_Task objective_: With the images set aside, retype every record below character for character.

(Phrase grounding data)
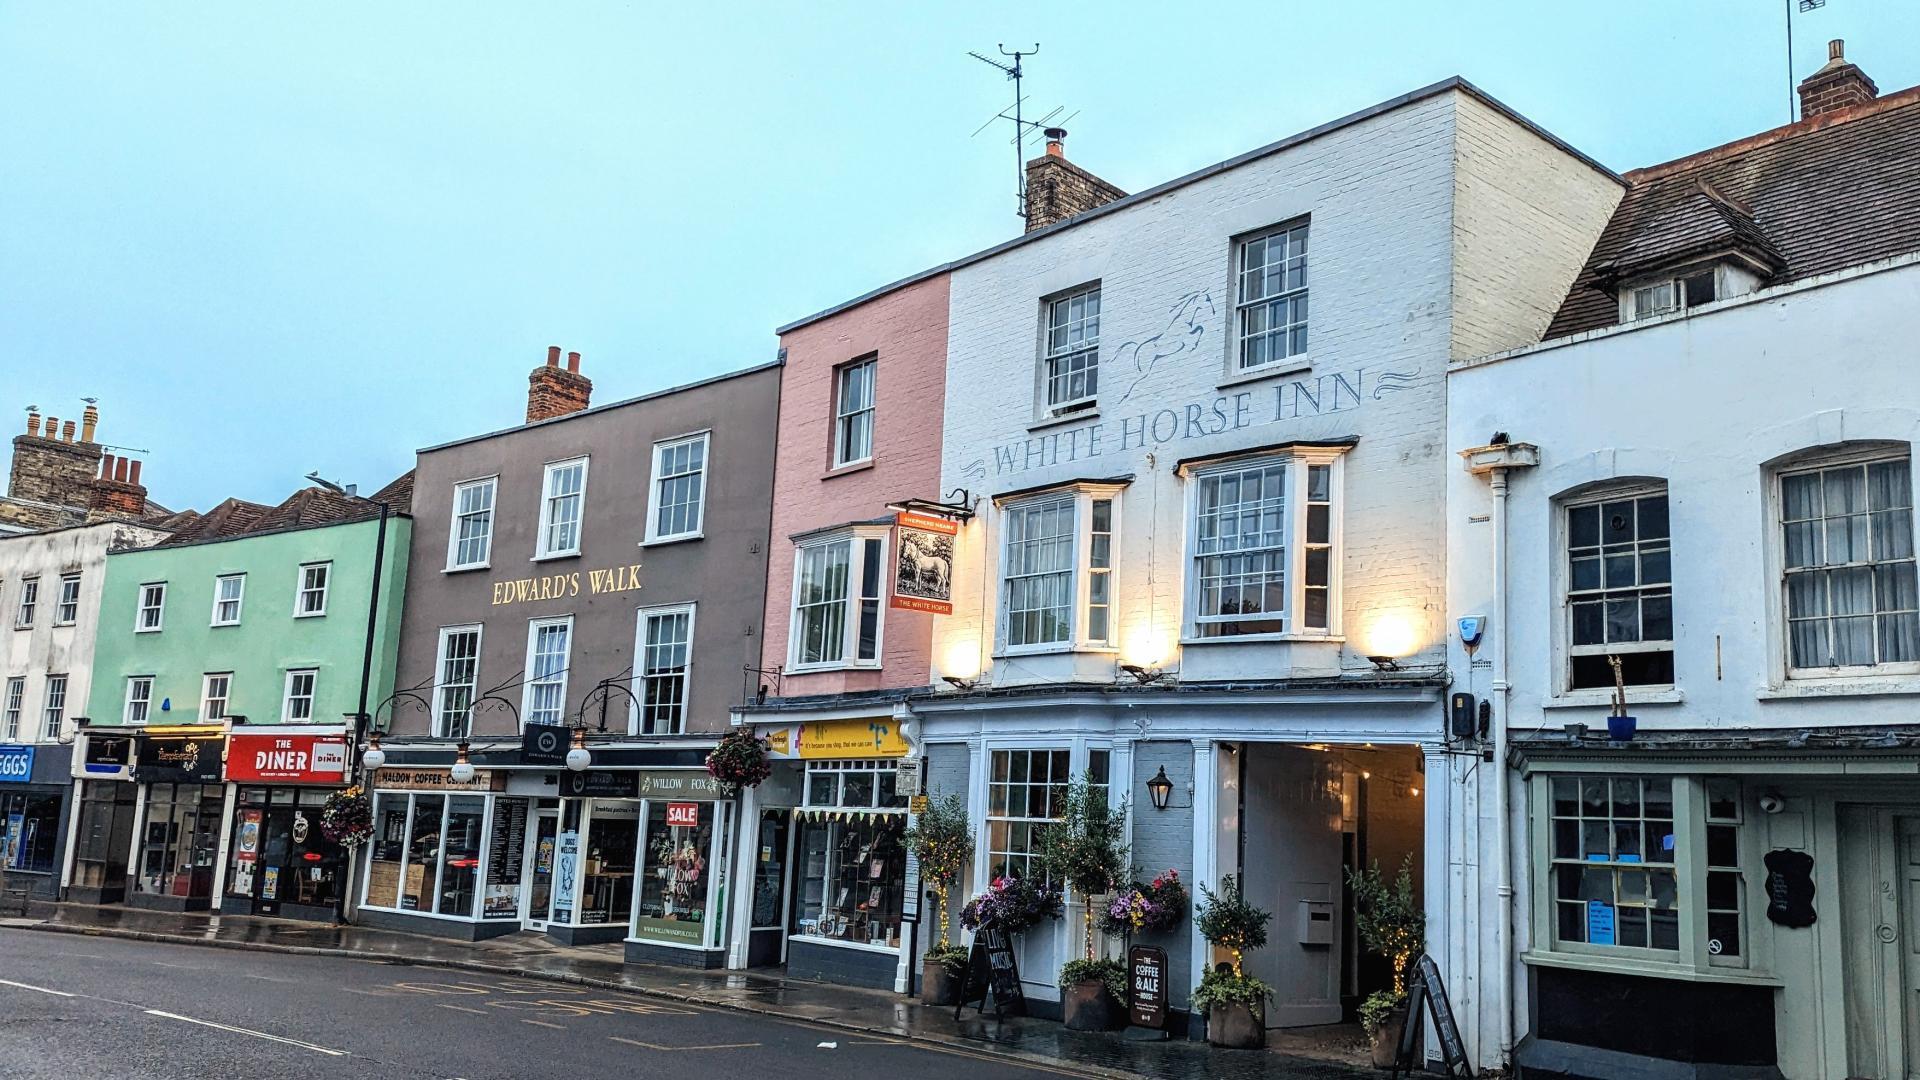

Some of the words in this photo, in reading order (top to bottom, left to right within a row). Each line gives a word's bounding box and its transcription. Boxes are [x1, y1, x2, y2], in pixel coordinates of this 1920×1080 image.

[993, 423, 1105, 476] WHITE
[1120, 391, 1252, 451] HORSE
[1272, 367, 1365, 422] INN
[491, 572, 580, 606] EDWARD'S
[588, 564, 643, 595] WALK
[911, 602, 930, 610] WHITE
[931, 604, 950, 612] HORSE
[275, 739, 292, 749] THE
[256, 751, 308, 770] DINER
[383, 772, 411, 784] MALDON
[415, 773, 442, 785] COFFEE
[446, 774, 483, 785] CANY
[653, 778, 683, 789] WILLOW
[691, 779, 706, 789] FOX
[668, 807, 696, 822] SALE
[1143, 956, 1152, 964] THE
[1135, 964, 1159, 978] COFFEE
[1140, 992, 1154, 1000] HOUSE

_Answer box_:
Some of the words in this photo, in reading order (top to bottom, left to right within a row). Each line gives a word's bounding box and its transcription. Boxes are [x1, y1, x2, y2], in pixel coordinates of this 1920×1080 image.

[993, 423, 1105, 476] WHITE
[1120, 391, 1252, 451] HORSE
[1272, 367, 1365, 422] INN
[491, 572, 580, 606] EDWARD'S
[588, 564, 643, 595] WALK
[911, 602, 930, 610] WHITE
[931, 604, 950, 612] HORSE
[275, 739, 292, 749] THE
[256, 751, 308, 770] DINER
[383, 772, 411, 784] MALDON
[415, 773, 442, 785] COFFEE
[446, 774, 483, 785] CANY
[653, 778, 683, 789] WILLOW
[691, 779, 706, 789] FOX
[668, 807, 696, 822] SALE
[1143, 956, 1152, 964] THE
[1135, 964, 1159, 978] COFFEE
[1140, 992, 1154, 1000] HOUSE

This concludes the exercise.